An estimated four million people have died since the Democratic Republic of Congo erupted into violence in August 1998, after relations soured between Laurent Kabila's government, which fought its way to power in 1996, and its backers in that campaign, the comparatively small states of Rwanda and Uganda. Congo's civil war quickly embroiled seven African armies as Namibia, Zimbabwe, Angola and Chad backed the government side.

Congo should have a new constitution by next week, and an electoral timetable soon after, but the success of the transition hangs very much in the balance in this nation of 200 tribes, more of a continent than a country. Two-thirds the size of western Europe, Congo is divided between a bewildering array of armed groups with shifting loyalties, and lucrative business/crime connections.

According to the ICG's latest briefing on Congo: "Extensive embezzlement has resulted in inadequate and irregular payment of civil servants and soldiers, making the state itself perhaps the largest security threat to the Congolese people." It is often joked that Article 15 of the Congolese constitution reads "débrouillez-vous" meaning "sort it out yourselves".

In the east, where Congo's woes and wealth are concentrated, commanders have been reluctant to relinquish control over trade in natural resources. It is estimated that $46 million worth of tin ore left Congo untaxed via Rwanda in 2004, while $50 million in Congolese gold exited the country via Uganda.
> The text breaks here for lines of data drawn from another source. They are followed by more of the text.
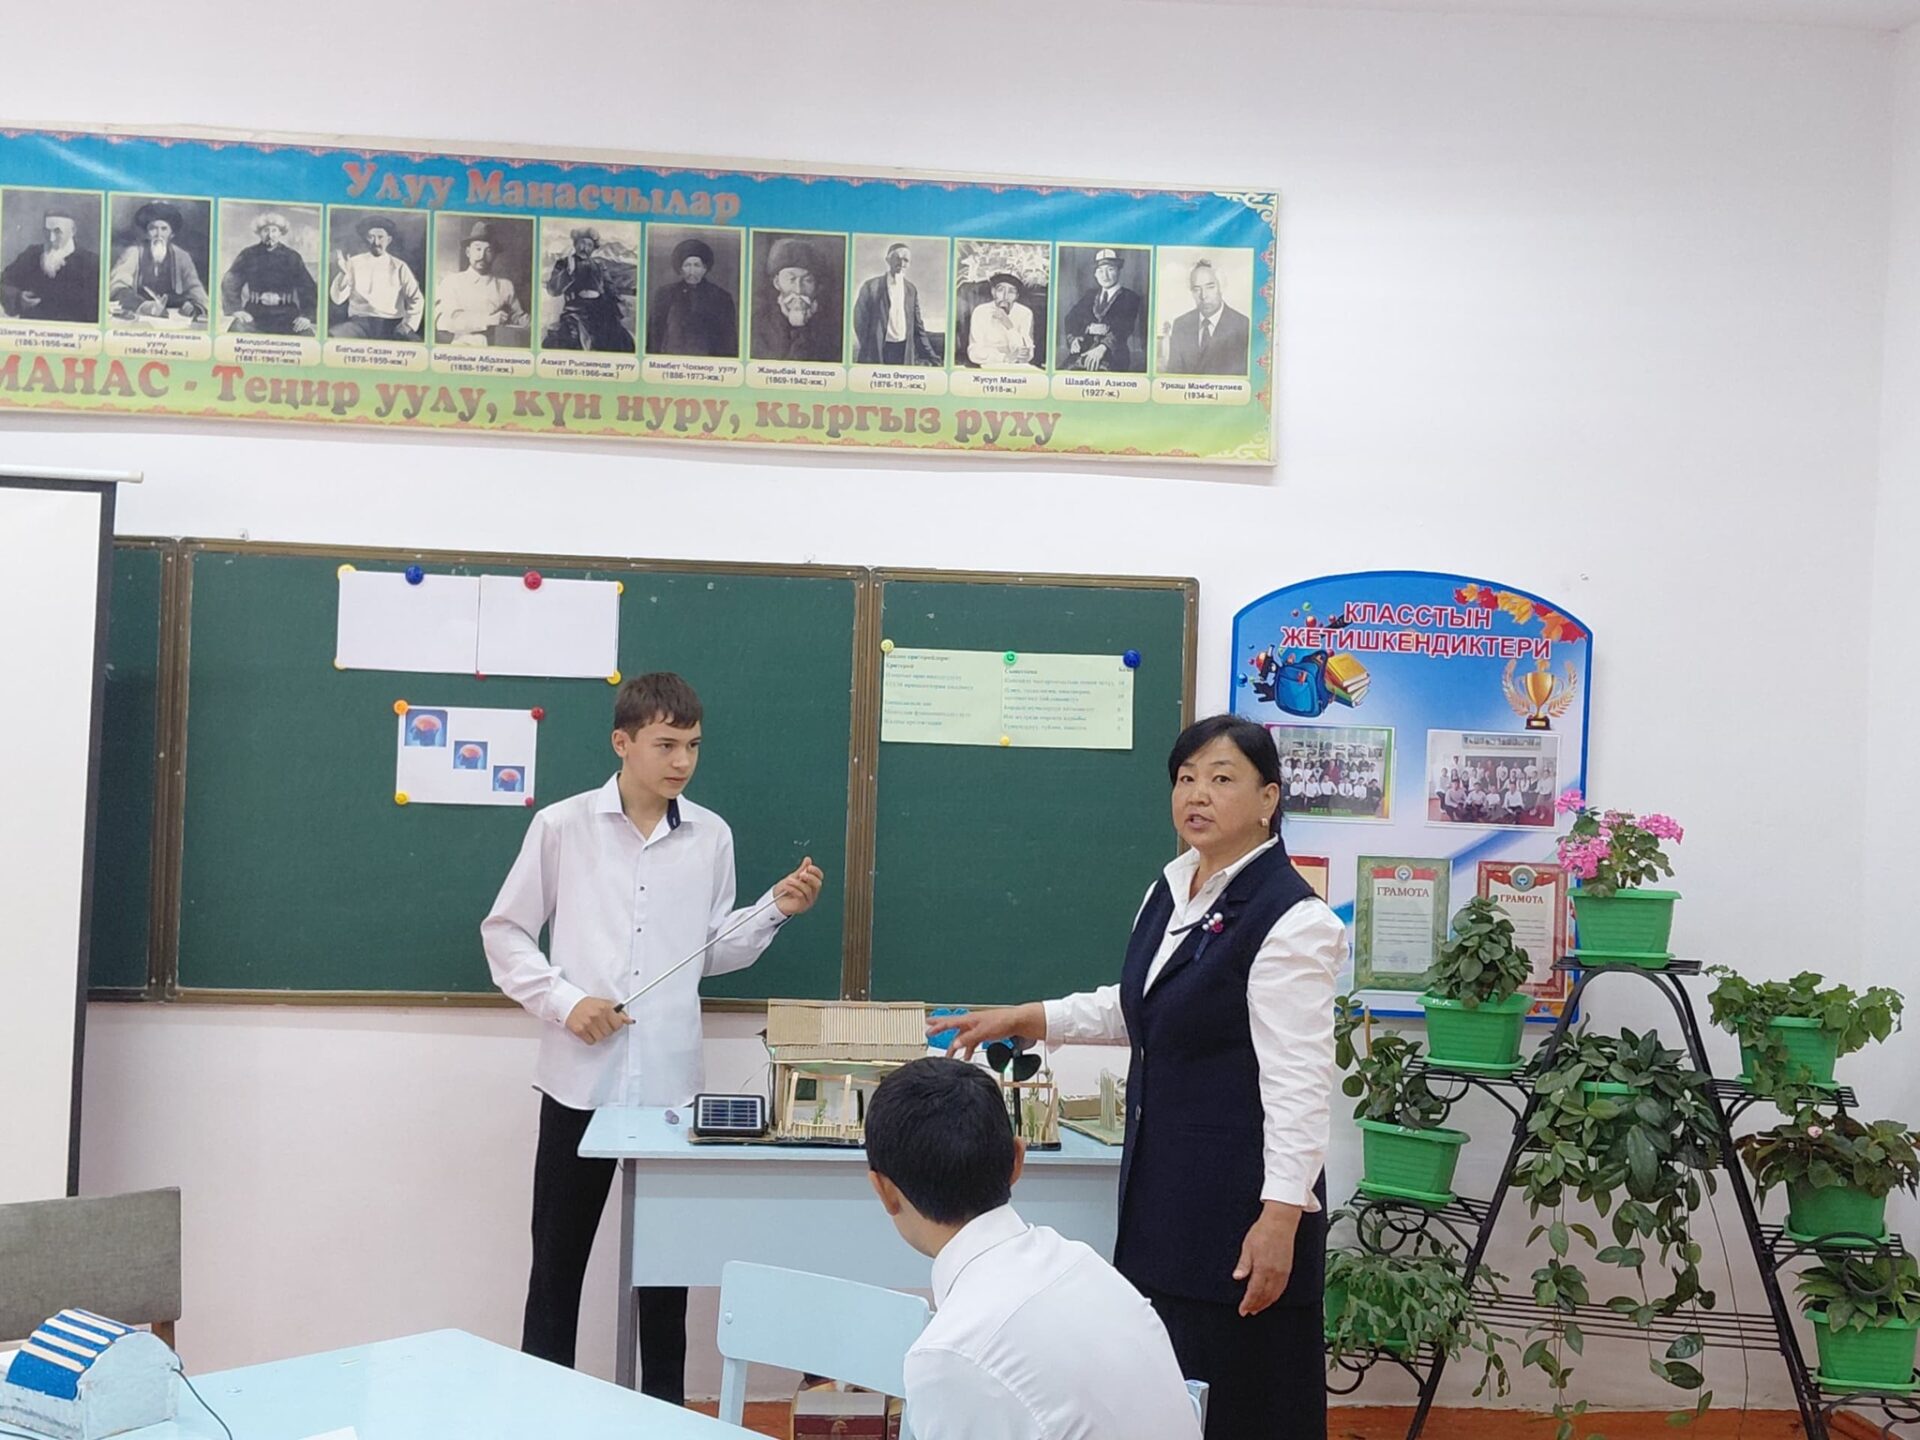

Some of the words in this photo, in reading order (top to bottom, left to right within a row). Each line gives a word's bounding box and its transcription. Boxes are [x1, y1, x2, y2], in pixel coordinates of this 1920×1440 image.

[342, 161, 455, 209] Улуу
[466, 169, 741, 225] Манасчылар
[212, 364, 361, 416] Теңир
[374, 382, 498, 424] уулу,
[512, 390, 602, 427] күн
[616, 395, 741, 434] нуру,
[755, 401, 942, 438] кыргыз
[954, 409, 1062, 446] руху
[1343, 601, 1493, 629] КЛАССТЫН
[1280, 627, 1551, 660] ЖЕТИШКЕНДИКТЕРИ
[1376, 887, 1430, 898] ГРАМОТА
[1499, 894, 1544, 905] ГРАМОТА
Goma, which made a bigger media splash than the war after it was partially destroyed by a lava flow in 2002, is the power base of Congo's Rwandan-backed rebels, the Congolese Rally for Democracy, drawn largely from the country's Rwandan-speaking Tutsis and Hutus.

The city's properties are demarcated by stone walls made from chunks of black lava. Overhead, ancient Antonov cargo planes, overloaded with tin ore, struggle noisily into and out of the sky, crashing frequently.

In the jungles of South Kivu, after flying over what seems like 300km of uninterrupted forest, I met a wily survivor called Riziki, a jack-of-all-trades including farming, teaching and the artisanal mining of that same ore. He explained the system of "taxes" and trade that allows locals from this former mining village to eke out a living from the area's abandoned mines. Once, almost everyone here worked in mining.

The company's chief engineer, meanwhile, earns a living by grinding manioc flour using a generator rescued from the factory, which lay hidden in the forest, along with much of the population, during times of trouble.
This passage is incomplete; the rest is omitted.